President Obama’s April 2 announcement launched the BRAIN (Brain Research through Advancing Innovative Neurotechnologies) Initiative, which is starting with $100 million in funding from National Institutes of Health, the Defense Advanced Research Projects Agency, and the National Science Foundation. With this national-scale neuroscience program, our brains will be the subject of even more fervent discussion.
At the Institute for Systems Biology, where I’m working toward my Ph.D., we think this national attention to neurobiology research comes at a crucial time. Because the brain is so complex, fresh, more comprehensive approaches to research are needed and we believe systems biology is the answer.
How difficult is it to understand the inner workings of the brain? Even after decades of brilliant research, our current understanding is like the illuminated spaces around 100 candles in a pitch-dark auditorium: We know a lot about a few specific processes, but no one knows what the whole room looks like. Systems biology can provide the tools needed to see the whole space.
To illustrate the interrelated layers of biological information that must be coordinated to produce brain function (or malfunction), one can think of the brain as a “system of systems,” within the larger system of the human body.
You recall that for many diseases, gene mutations, deletions and copy number variations can be linked to clinical disease phenotypes. The complexity lies between the genome and the outward disease phenotypes.
For example, the regulators that switch on and off specific genes in the genome in a spatiotemporally defined pattern are just one of many systems governing brain function. A hairball-like network of genes and regulatory proteins invites simple mutations to amplify and explode in their effects on health and brain function.
This system of DNA and protein is vulnerable to the influence of external environmental factors (like toxic fumes and diet), and in turn, it is part of a larger system of proteins, specialized brain cell types and neural networks.
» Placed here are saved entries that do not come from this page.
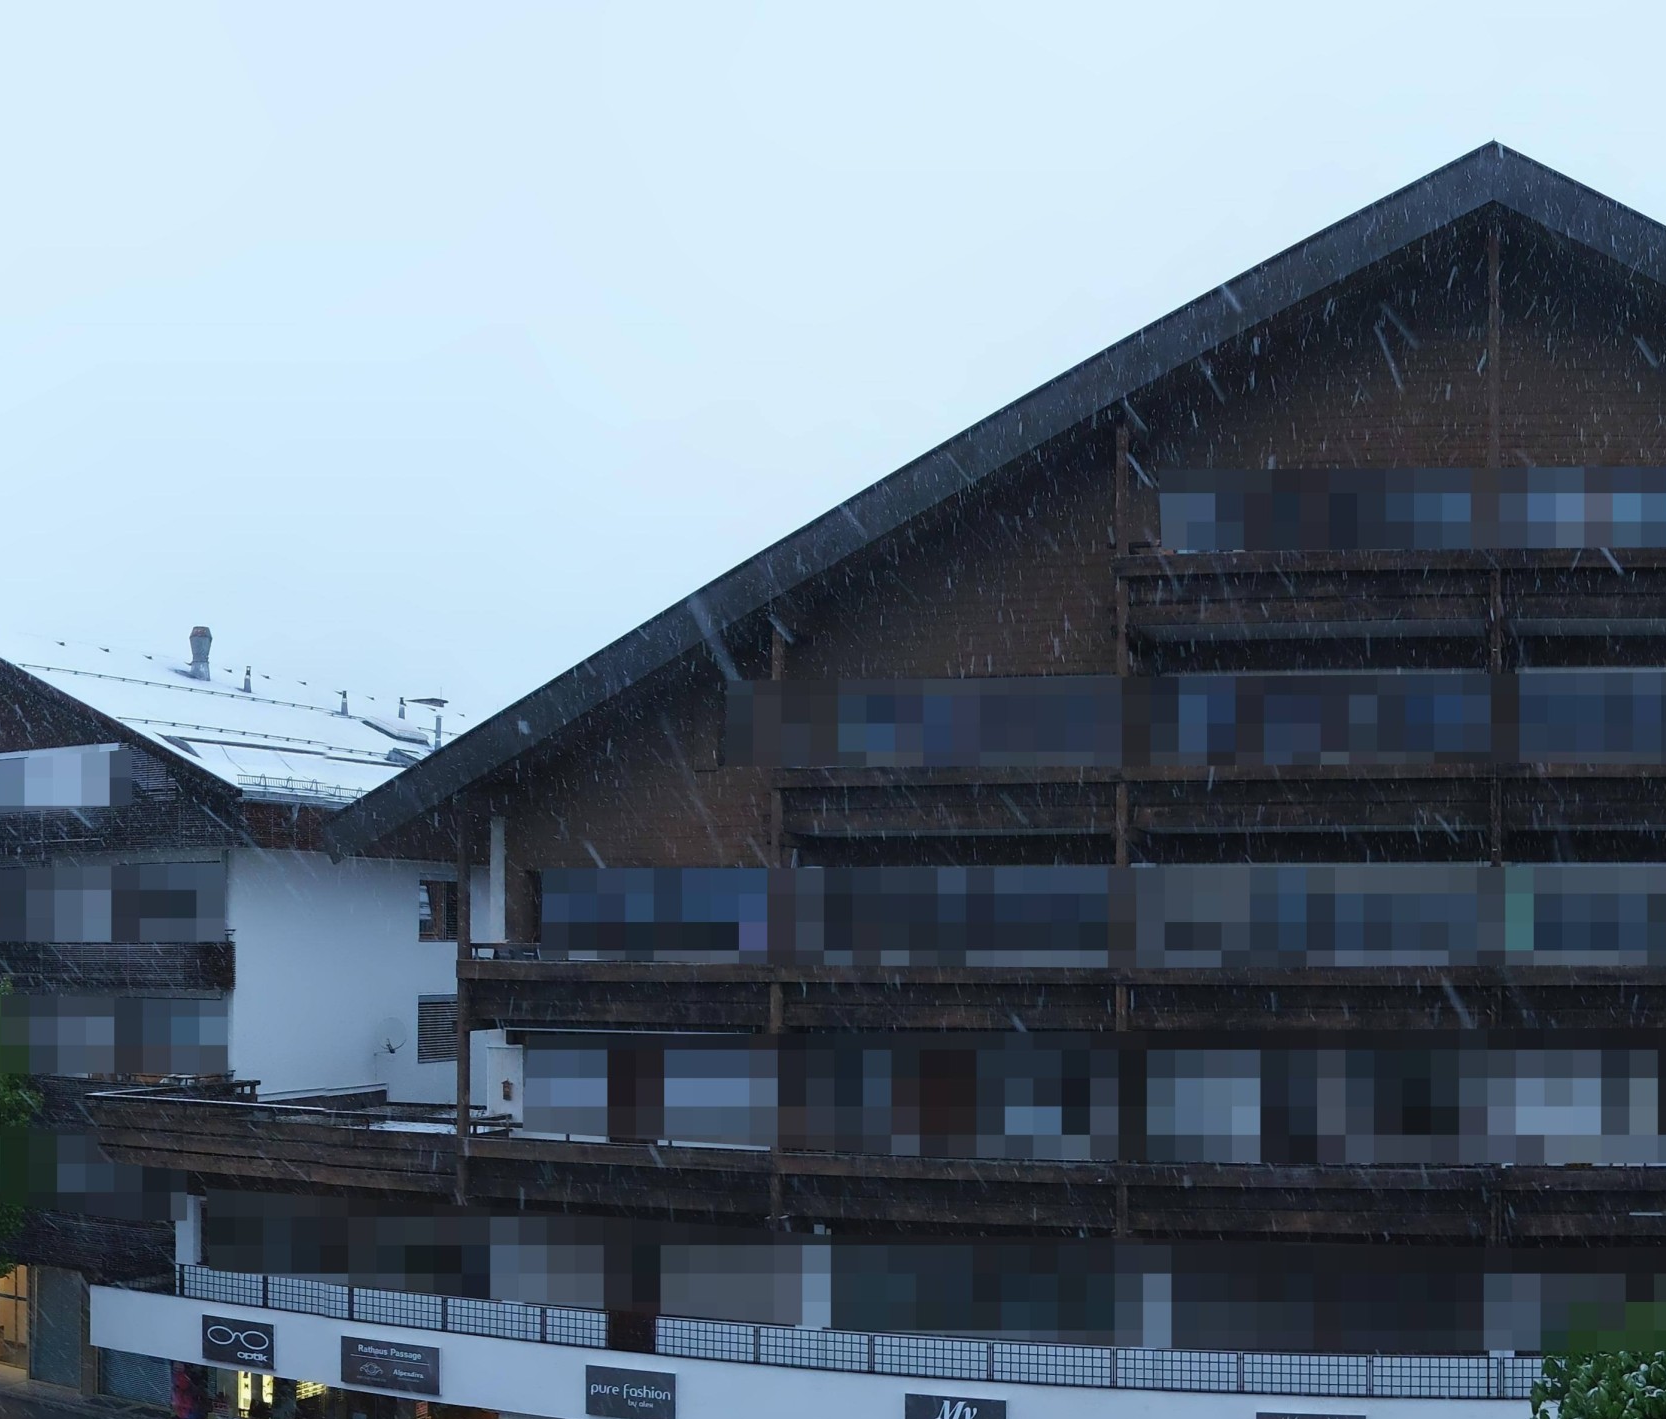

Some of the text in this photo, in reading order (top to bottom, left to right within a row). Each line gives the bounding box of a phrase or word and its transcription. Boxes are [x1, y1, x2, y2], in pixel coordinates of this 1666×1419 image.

[237, 1351, 268, 1363] optik
[358, 1344, 422, 1361] Rathaus Passage
[590, 1383, 671, 1401] pure fashion
[627, 1399, 638, 1408] by
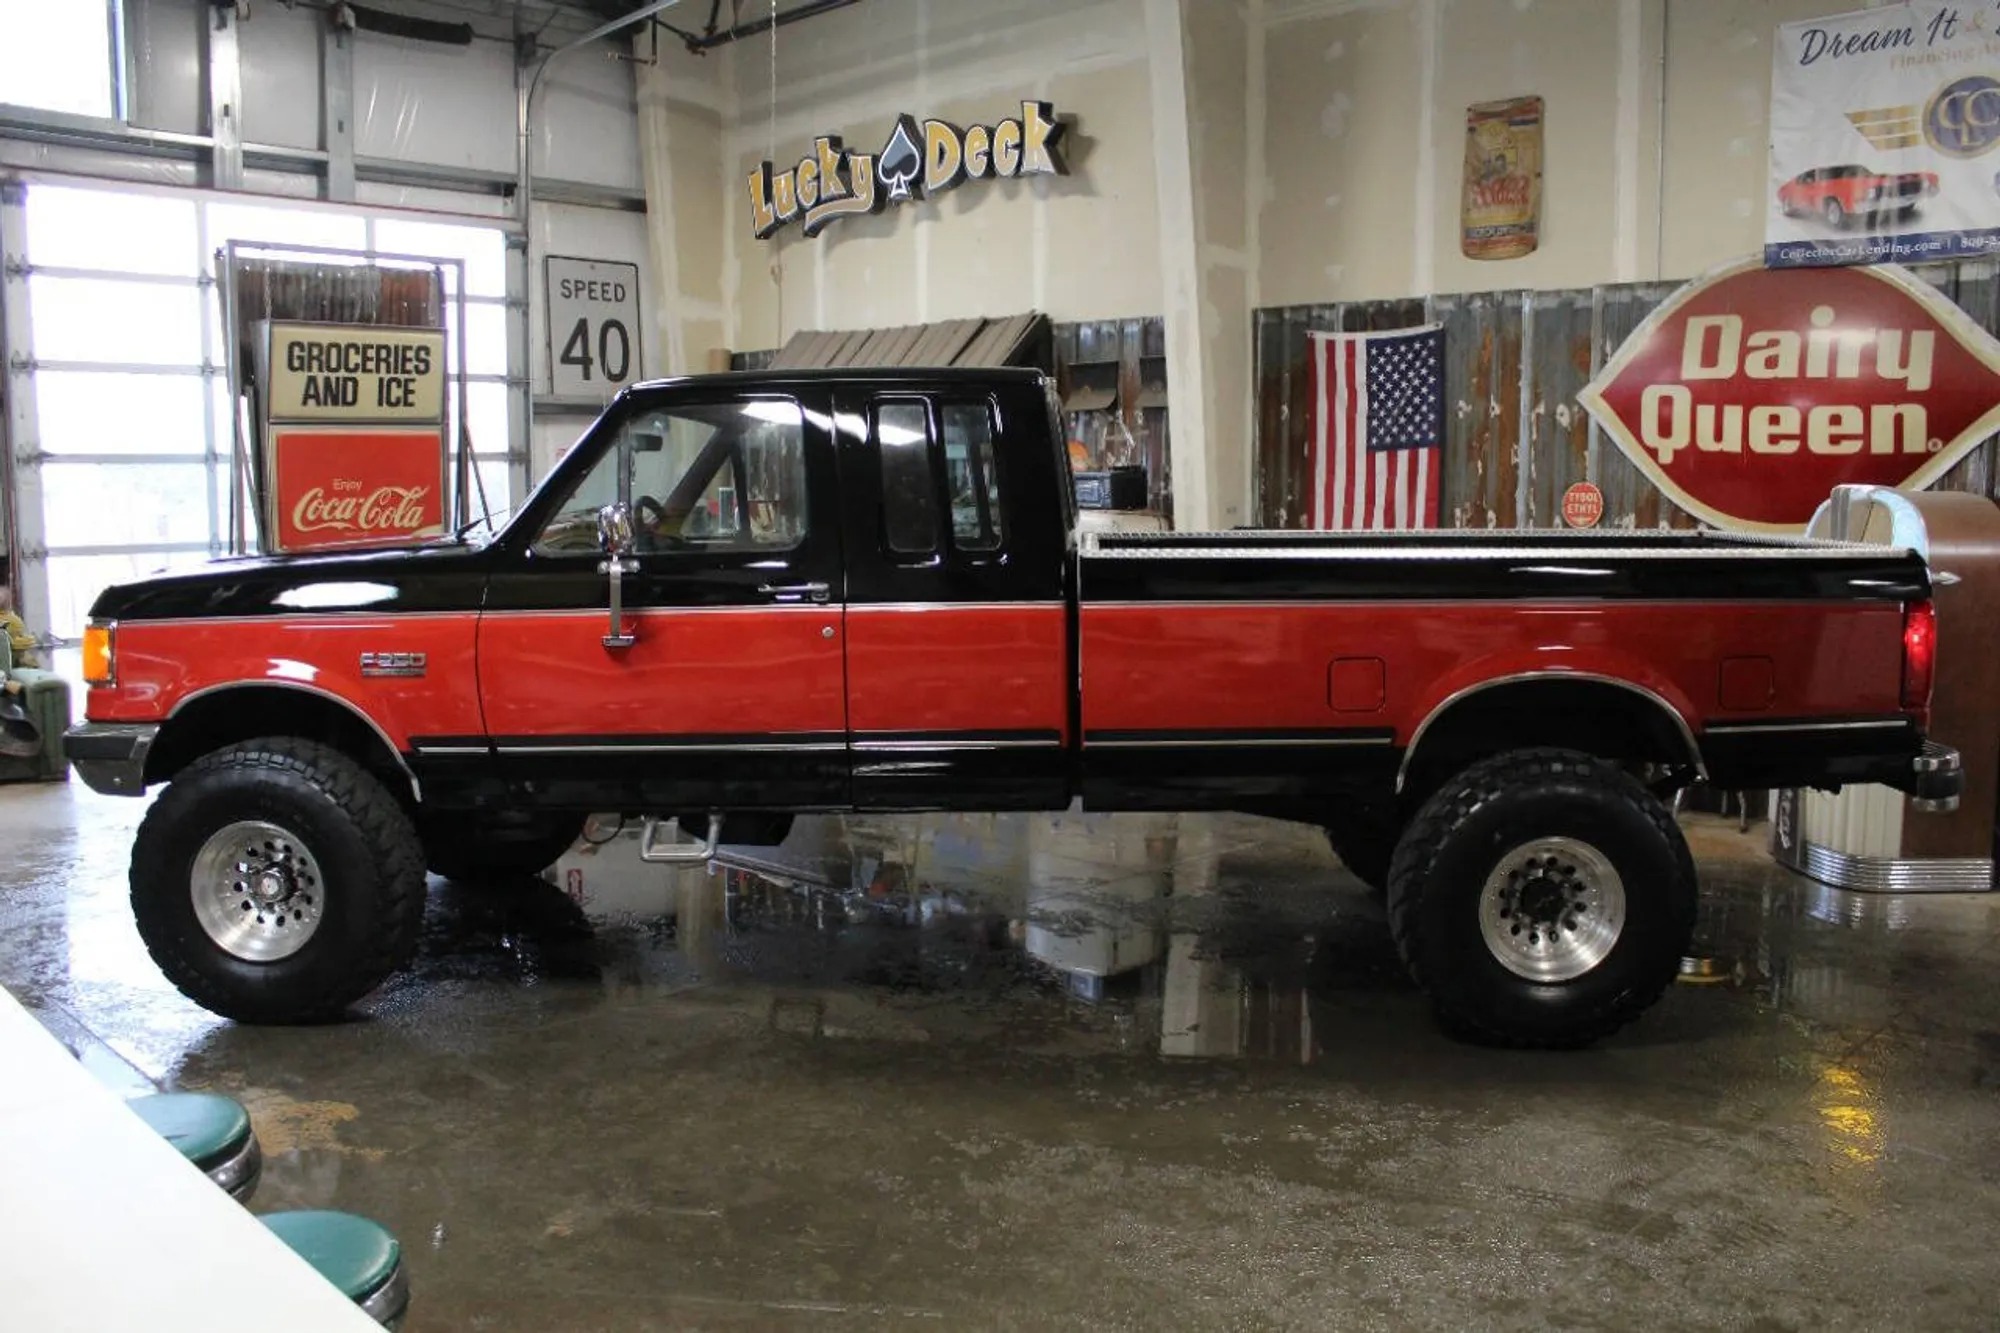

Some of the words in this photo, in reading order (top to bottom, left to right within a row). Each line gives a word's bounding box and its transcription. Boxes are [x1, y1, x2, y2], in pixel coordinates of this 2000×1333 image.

[1800, 28, 1915, 66] Dream
[1926, 7, 1960, 47] It
[748, 135, 880, 239] Lucky
[923, 100, 1067, 191] Deck
[560, 279, 626, 302] SPEED
[287, 341, 431, 375] GROCERIES
[560, 317, 629, 382] 40
[1680, 305, 1935, 391] Dairy
[302, 375, 359, 407] AND
[377, 376, 416, 407] ICE
[1640, 384, 1928, 465] Queen
[292, 485, 431, 533] Coca-Cola
[332, 478, 362, 492] Enjoy
Cell types and neural networks form a system that enables information transfer within and among regions of the brain, and this crosstalk governs myriad other processes in the body.
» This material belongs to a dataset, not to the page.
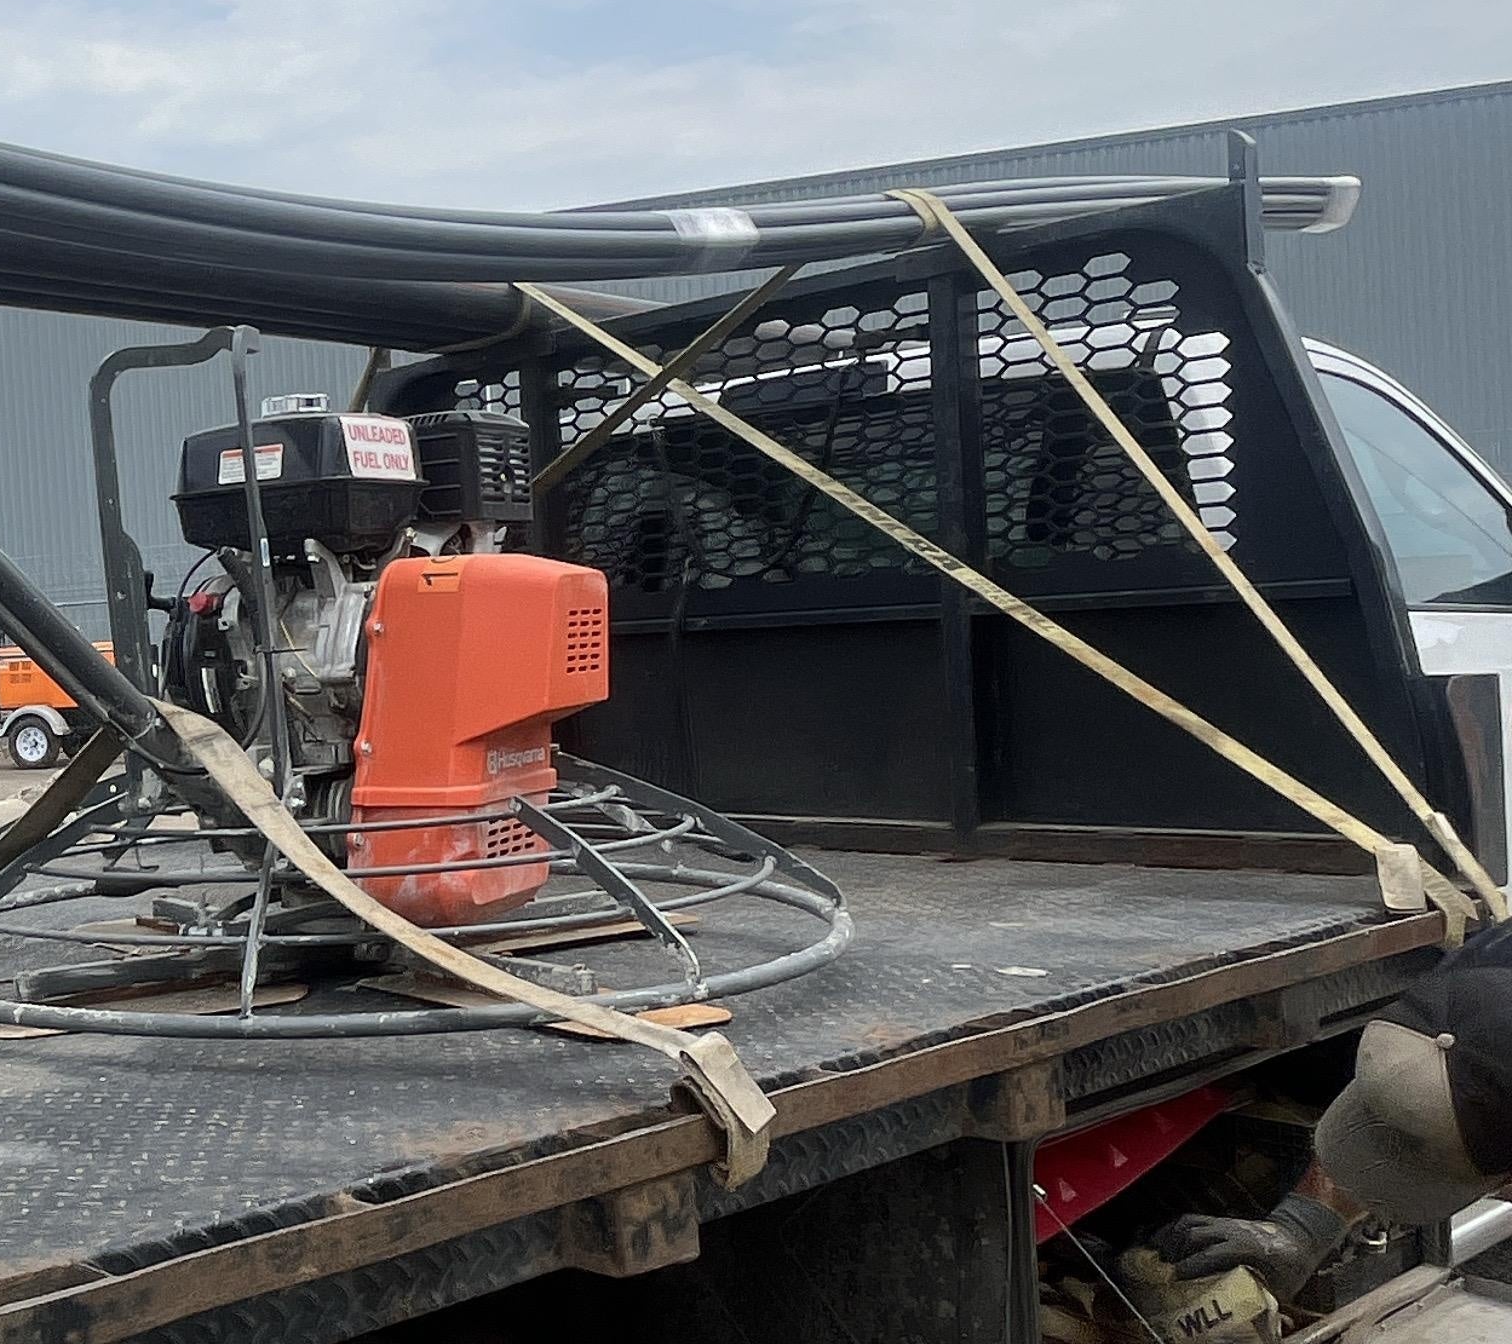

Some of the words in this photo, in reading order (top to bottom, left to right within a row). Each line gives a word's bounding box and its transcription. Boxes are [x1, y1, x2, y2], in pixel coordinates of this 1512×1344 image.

[348, 423, 407, 445] UNLEADED
[353, 451, 381, 469] FUEL
[383, 453, 409, 471] ONLY
[1177, 1299, 1233, 1337] WLL
Whether something is awry at the genetic, protein or neural network level, the result can be debilitating.
The gauntlet is twofold: Where in the brain’s systems is the problem located, and what’s the best way to target the problem for improved health? Systems biologists work from the idea that we need to understand the biology of each brain system, and we need to know how those systems work together at multiple scales. In short, we need the candles, and we also need to light the space among them.
To do this, systems biology combines rigorously tested biological concepts with new discoveries from massive datasets collected at all levels within the brain – genes, regulatory networks, proteins, and cells. In an iterative cycle of biological inquiry, technology development, and computational modeling, new and old data are integrated using algorithms that are guided by existing biological knowledge to make new discoveries while gaining a clearer picture of how all the systems work together.
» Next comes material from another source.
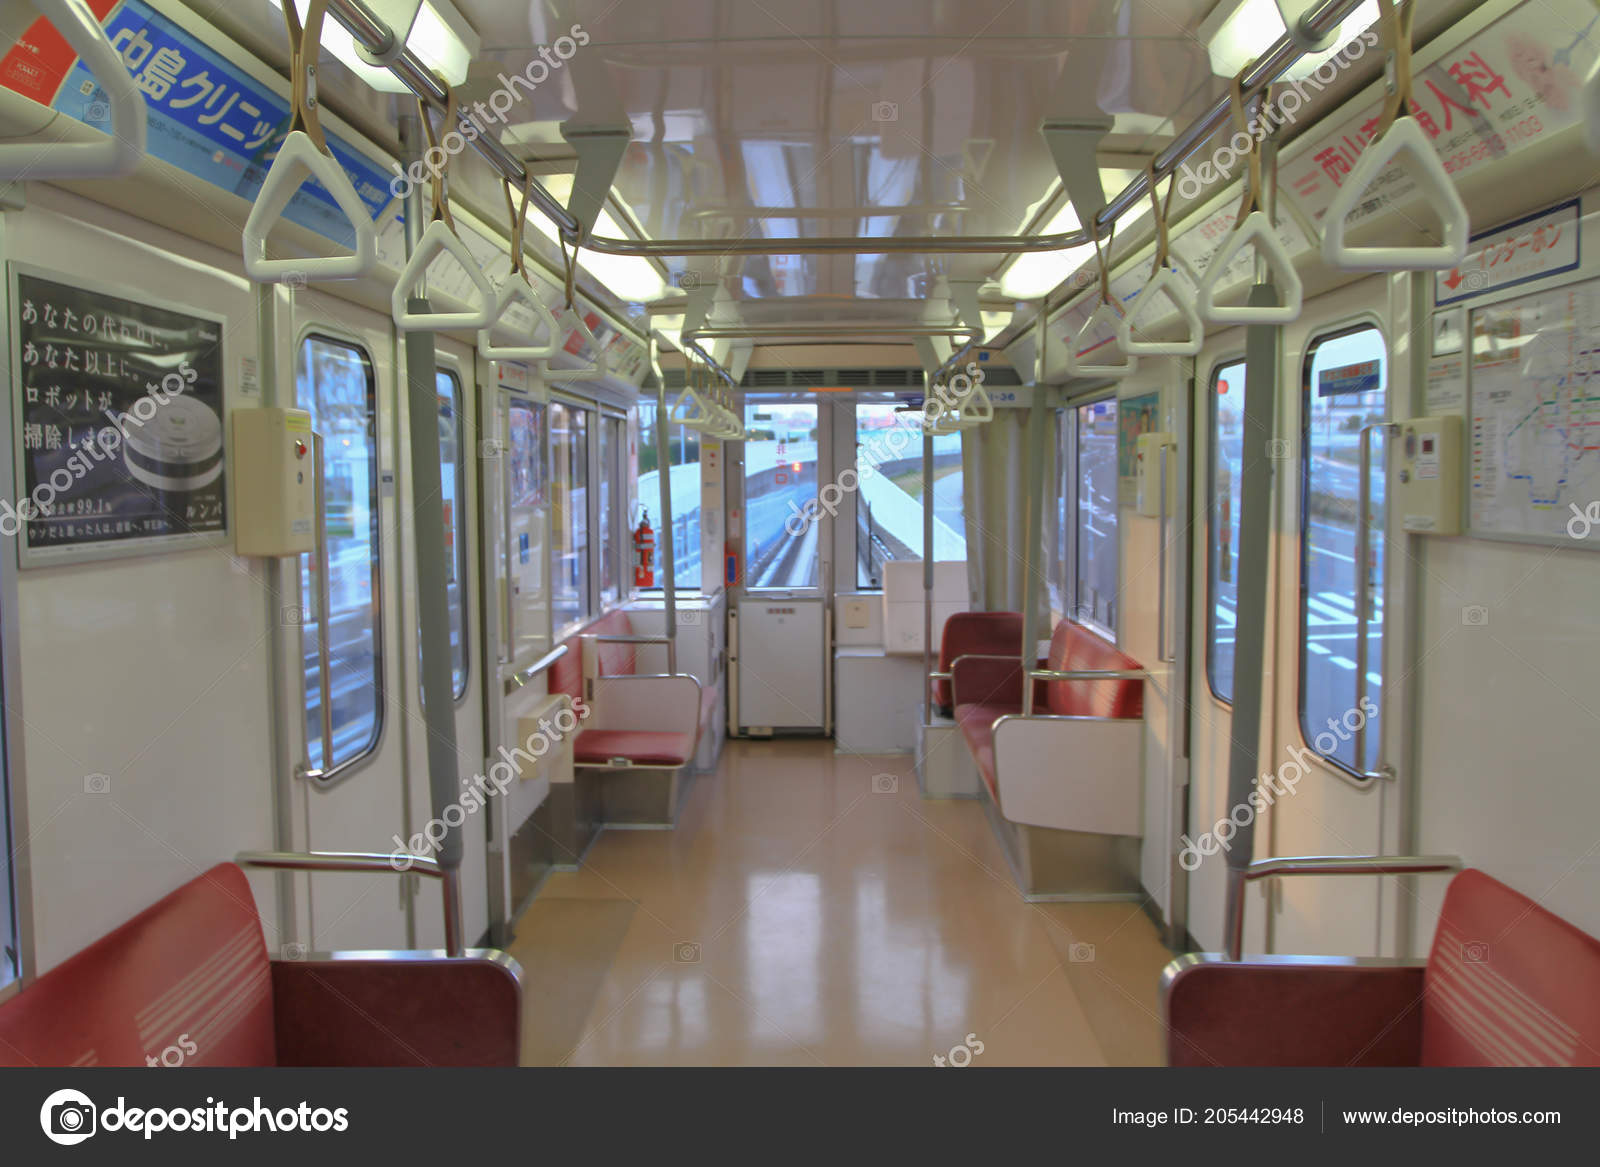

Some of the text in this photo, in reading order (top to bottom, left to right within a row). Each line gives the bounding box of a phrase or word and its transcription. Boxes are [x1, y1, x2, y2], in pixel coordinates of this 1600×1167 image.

[25, 385, 113, 412] ロボットが
For example, the Allen Brain Atlas is a trove of mRNA measurements at 60,000+ genetic loci, from ~1,000 locations throughout the brain. This RNA-level resource was integrated with spatial anatomical data and cell-type information to reveal cell-specific proteins.
The punchline is that a few of these cell-specific proteins are present in peripheral blood, and may act as sentinels or biomarkers of an individual’s current or future disease symptoms. Disease phenotypes could be traceable, through blood proteins, to a single cell type in the brain.
Integrative neurobiology research like this is increasingly common, and requires intensive cross-disciplinary collaboration among biologists, engineers, physicians, and computer scientists. The President’s intention to back a decades-long effort to map the activity of the entire human brain is a timely testament to the need for this new A-game in brain science.
Critics doubt that current technology and resources can handle the task of producing value-adds for the steep $3 billion price, and thus the pace of new technology development and collaborative innovation will determine when and if the challenge is met.
Obama’s proposal aside, systems biology is the science of breaking down and making sense of complexity, for better health and better environmental stewardship. The brain is complex, but more importantly it’s personal and in a league of its own among organs. We have much to gain from bringing systems biology to bear on its mysteries.
The upcoming symposium on systems biology and the brain at Seattle’s Institute for Systems Biology will highlight new advances and will foster a dialogue on deciphering even more of the brain’s complex secrets. The light in the auditorium is dim now, but it brightens every day.